======== Data for this exercise ========

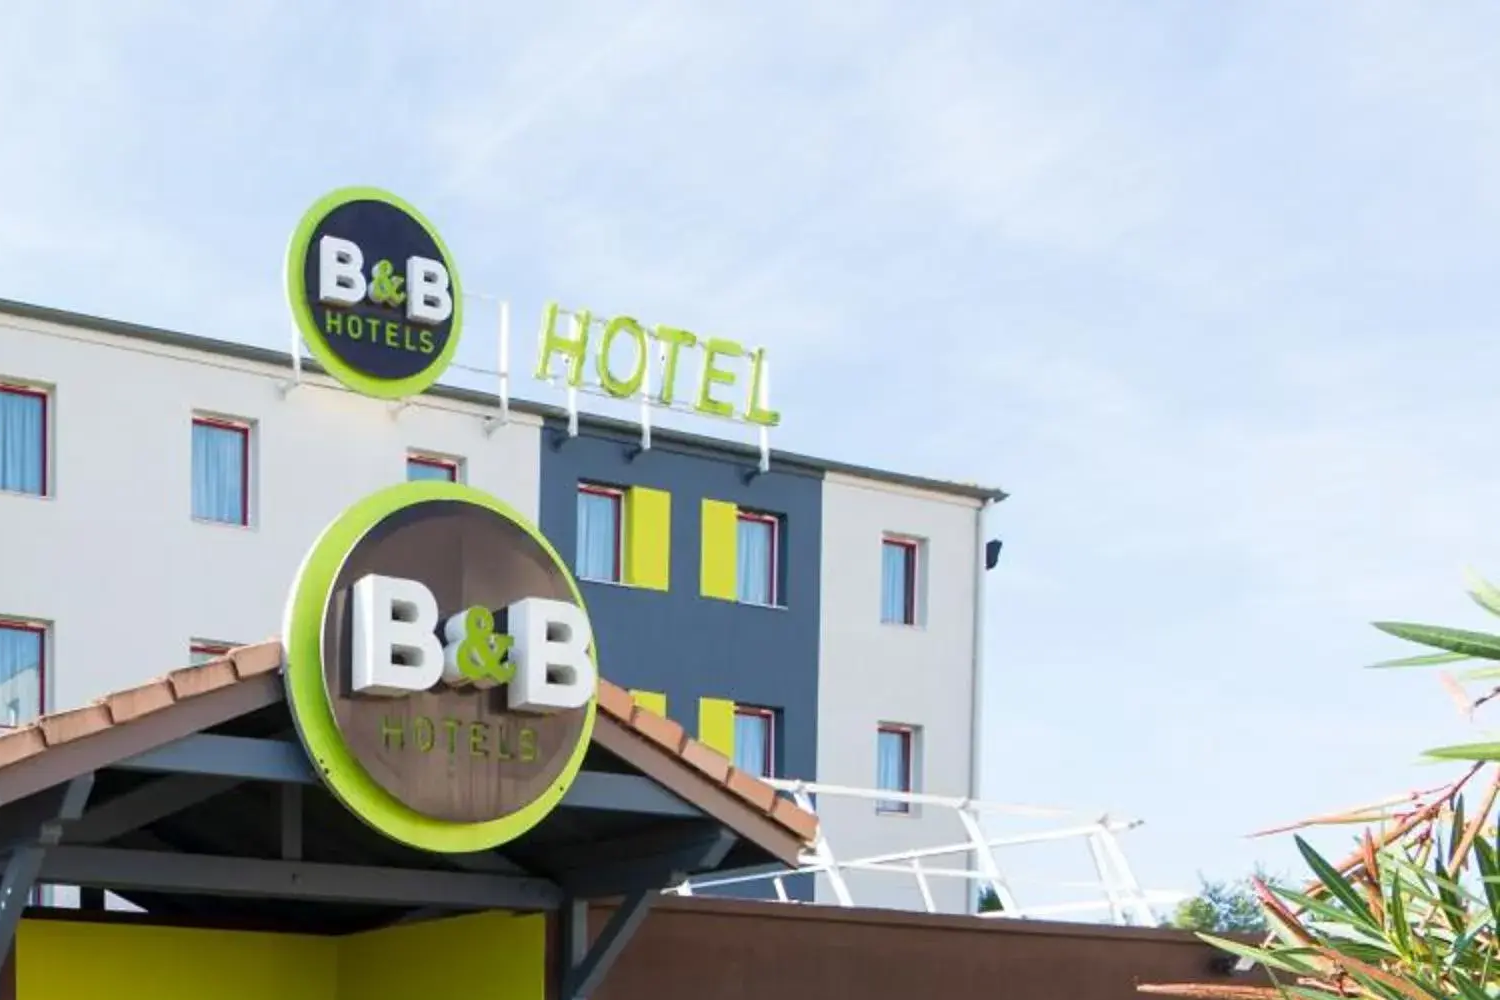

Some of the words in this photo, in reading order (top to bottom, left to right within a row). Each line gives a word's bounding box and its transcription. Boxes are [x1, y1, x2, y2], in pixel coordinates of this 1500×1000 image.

[319, 235, 452, 324] B&B
[325, 310, 434, 354] HOTELS
[535, 302, 780, 427] HOTEL
[352, 573, 596, 712] B&B
[381, 716, 540, 763] HOTELS
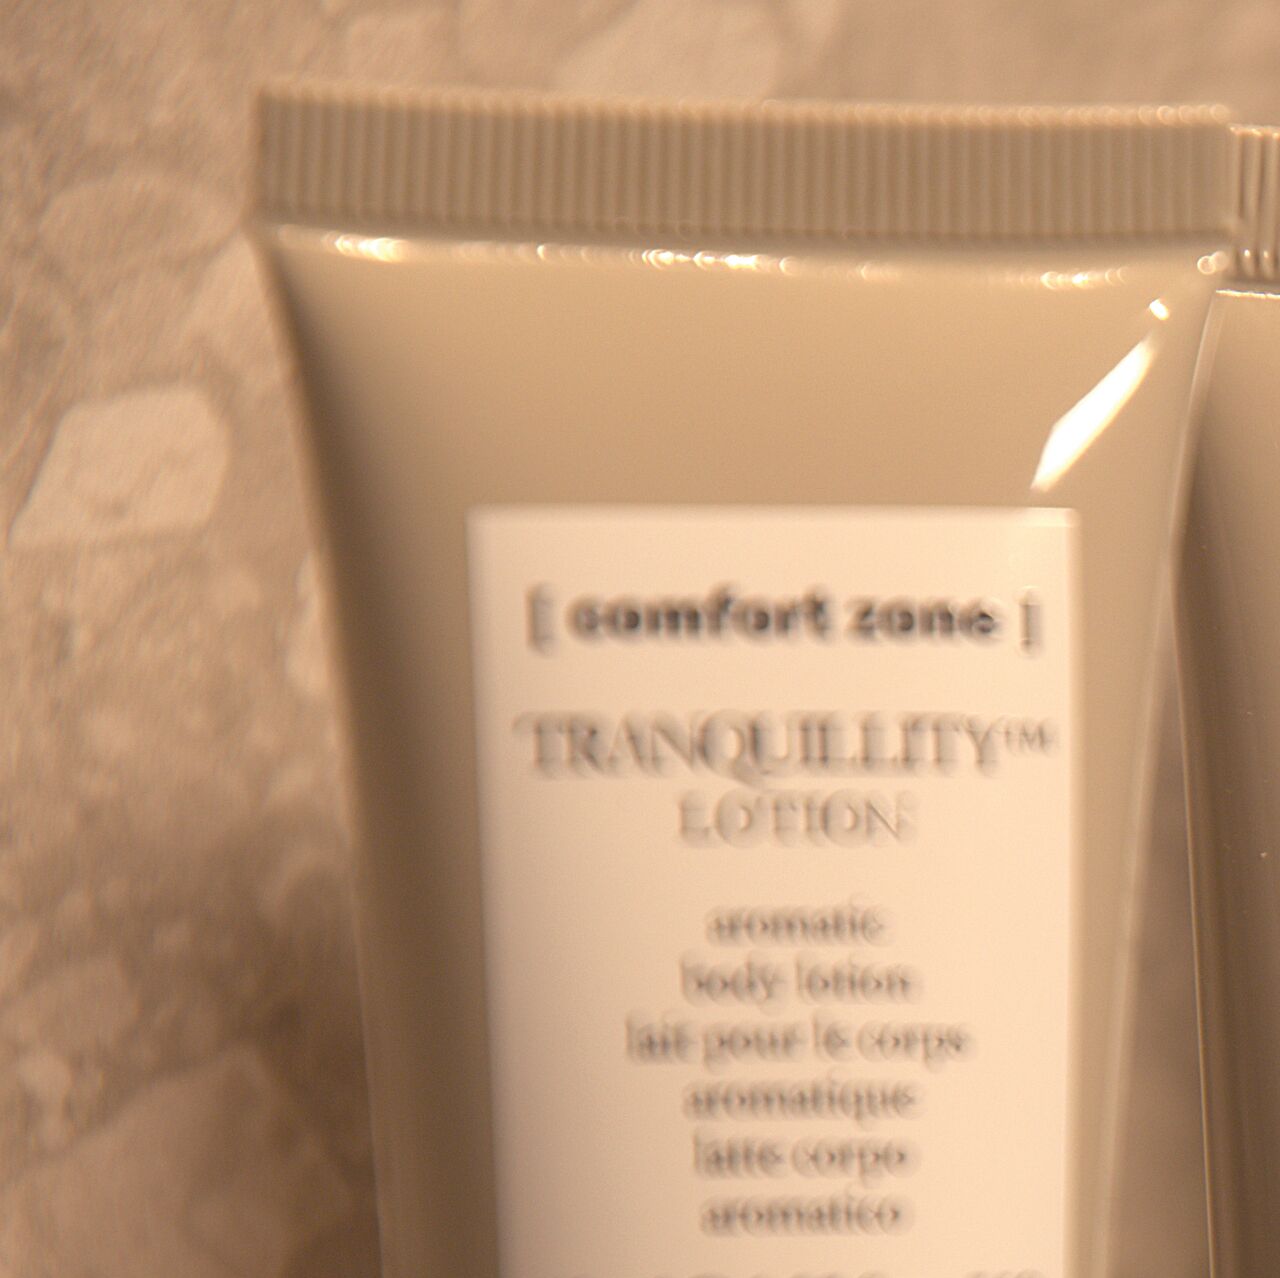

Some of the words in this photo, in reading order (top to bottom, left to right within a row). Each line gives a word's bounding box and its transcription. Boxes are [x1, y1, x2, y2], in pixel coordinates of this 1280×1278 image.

[567, 582, 831, 645] comfort
[844, 596, 1005, 645] zone
[676, 792, 916, 844] LOTION
[706, 902, 890, 946] aromatic
[680, 952, 786, 1012] body
[796, 954, 916, 1004] lotion
[625, 1014, 694, 1062] lait
[702, 1024, 800, 1072] pour
[811, 1012, 852, 1062] le
[857, 1024, 972, 1070] corps
[684, 1072, 918, 1128] aromatique
[694, 1130, 784, 1178] latte
[791, 1140, 910, 1186] corpo
[702, 1190, 908, 1236] aromatico

========

### Exercise details
Retype word for word all the material given above, and keep the pictures out.

### Task response
Some of the words in this photo, in reading order (top to bottom, left to right within a row). Each line gives a word's bounding box and its transcription. Boxes are [x1, y1, x2, y2], in pixel coordinates of this 1500×1000 image.

[319, 235, 452, 324] B&B
[325, 310, 434, 354] HOTELS
[535, 302, 780, 427] HOTEL
[352, 573, 596, 712] B&B
[381, 716, 540, 763] HOTELS

Some of the words in this photo, in reading order (top to bottom, left to right within a row). Each line gives a word's bounding box and its transcription. Boxes are [x1, y1, x2, y2], in pixel coordinates of this 1280×1278 image.

[567, 582, 831, 645] comfort
[844, 596, 1005, 645] zone
[676, 792, 916, 844] LOTION
[706, 902, 890, 946] aromatic
[680, 952, 786, 1012] body
[796, 954, 916, 1004] lotion
[625, 1014, 694, 1062] lait
[702, 1024, 800, 1072] pour
[811, 1012, 852, 1062] le
[857, 1024, 972, 1070] corps
[684, 1072, 918, 1128] aromatique
[694, 1130, 784, 1178] latte
[791, 1140, 910, 1186] corpo
[702, 1190, 908, 1236] aromatico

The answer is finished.